Dopo il passaggio del tifone Hayan che ha devastato la città di Tacloban nelle Filippine, le vite di Bebeth, Larry e Erwin si incrociano. I sopravvissuti cercano i corpi dei defunti, cercando di proteggere le loro vite e di conservare quel po’ di fede che resta. Una serie di avvenimenti continua però a metterli a dura prova. [sinossi]

Se le catastrofi naturali che hanno afflitto particolarmente le Filippine in anni recenti vengono rilette e ri-raccontate nel cinema di Lav Diaz con il filtro di una riflessione che porta sempre con sé – necessariamente – anche la dimensione politica e filosofica (basti pensare a Death in the land of encantos), Brillante Mendoza nel suo nuovo film, Taklub – presentato in concorso in Un certain regard alla 68esima edizione del Festival di Cannes – privilegia piuttosto l’aspetto puramente evenemenziale, il fatto in sé e le conseguenze immediate che esso comporta in una popolazione sempre più fiaccata.
Con un leggero scarto rispetto a titoli recenti come Lola o Thy Womb, infatti, Mendoza – pur proseguendo nella strada di un cinema intimo ed entomologico – stavolta sceglie una forma di racconto corale, come se davvero volesse rivolgersi a tutto il popolo filippino.
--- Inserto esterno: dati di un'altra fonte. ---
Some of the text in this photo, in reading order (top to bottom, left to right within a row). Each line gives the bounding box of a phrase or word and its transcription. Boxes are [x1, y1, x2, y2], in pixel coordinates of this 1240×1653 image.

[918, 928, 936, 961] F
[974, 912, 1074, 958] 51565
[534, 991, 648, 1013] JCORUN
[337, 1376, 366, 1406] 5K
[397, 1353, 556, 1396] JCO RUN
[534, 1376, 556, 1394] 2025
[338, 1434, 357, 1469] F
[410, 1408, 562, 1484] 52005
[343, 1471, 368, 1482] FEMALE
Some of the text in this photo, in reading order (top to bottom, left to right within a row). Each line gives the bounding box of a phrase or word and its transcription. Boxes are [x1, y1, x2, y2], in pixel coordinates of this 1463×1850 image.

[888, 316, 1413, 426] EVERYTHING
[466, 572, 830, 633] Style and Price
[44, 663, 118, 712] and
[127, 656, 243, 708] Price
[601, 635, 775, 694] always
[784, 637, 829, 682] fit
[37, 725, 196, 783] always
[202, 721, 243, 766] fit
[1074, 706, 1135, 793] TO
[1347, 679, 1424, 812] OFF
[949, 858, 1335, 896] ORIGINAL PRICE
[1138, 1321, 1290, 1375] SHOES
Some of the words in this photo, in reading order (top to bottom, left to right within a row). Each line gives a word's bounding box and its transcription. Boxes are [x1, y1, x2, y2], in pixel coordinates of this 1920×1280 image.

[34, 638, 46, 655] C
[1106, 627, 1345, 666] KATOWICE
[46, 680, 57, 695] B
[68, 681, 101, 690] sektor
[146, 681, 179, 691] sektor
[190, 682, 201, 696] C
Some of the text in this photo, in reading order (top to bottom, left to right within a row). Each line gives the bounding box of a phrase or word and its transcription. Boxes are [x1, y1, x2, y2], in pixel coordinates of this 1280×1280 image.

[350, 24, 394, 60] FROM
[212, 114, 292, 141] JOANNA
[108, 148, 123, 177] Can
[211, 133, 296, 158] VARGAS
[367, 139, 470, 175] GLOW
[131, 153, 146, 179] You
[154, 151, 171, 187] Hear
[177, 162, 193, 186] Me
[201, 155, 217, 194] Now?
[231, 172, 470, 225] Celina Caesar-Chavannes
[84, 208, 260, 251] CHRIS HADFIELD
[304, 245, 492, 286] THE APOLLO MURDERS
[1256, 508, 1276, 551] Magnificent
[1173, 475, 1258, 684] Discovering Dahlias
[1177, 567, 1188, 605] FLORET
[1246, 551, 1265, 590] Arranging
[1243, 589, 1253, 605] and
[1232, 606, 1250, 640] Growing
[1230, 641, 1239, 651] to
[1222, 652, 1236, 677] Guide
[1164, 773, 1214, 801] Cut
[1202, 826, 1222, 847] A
E, del resto, sono tre le storie che scorrono davanti ai nostri occhi, tutte legate geograficamente ai disastri provocati dal tifone Hayan e tutte tese a mostrare la faticosa ricerca di un ritorno alla normalità. Centrale è in tal senso il personaggio interpretato da Nora Aunor che si dà da fare per raccogliere fondi e organizzare riunioni, aiutando il prossimo e guidata dal suo spirito cristiano.
E centrale, vale a dire senza sfumature, è anche la prospettiva di racconto scelta da Mendoza: non più il filtro di una storia precisa (la nonna di Lola, ad esempio, che vuole seppellire il nipote) capace di aprire all’universale, quanto piuttosto una vicenda che già in partenza vorrebbe porsi come universale (finendo per diventare generica e generalista): di fronte ai disastri naturali, è possibile credere ancora in Dio?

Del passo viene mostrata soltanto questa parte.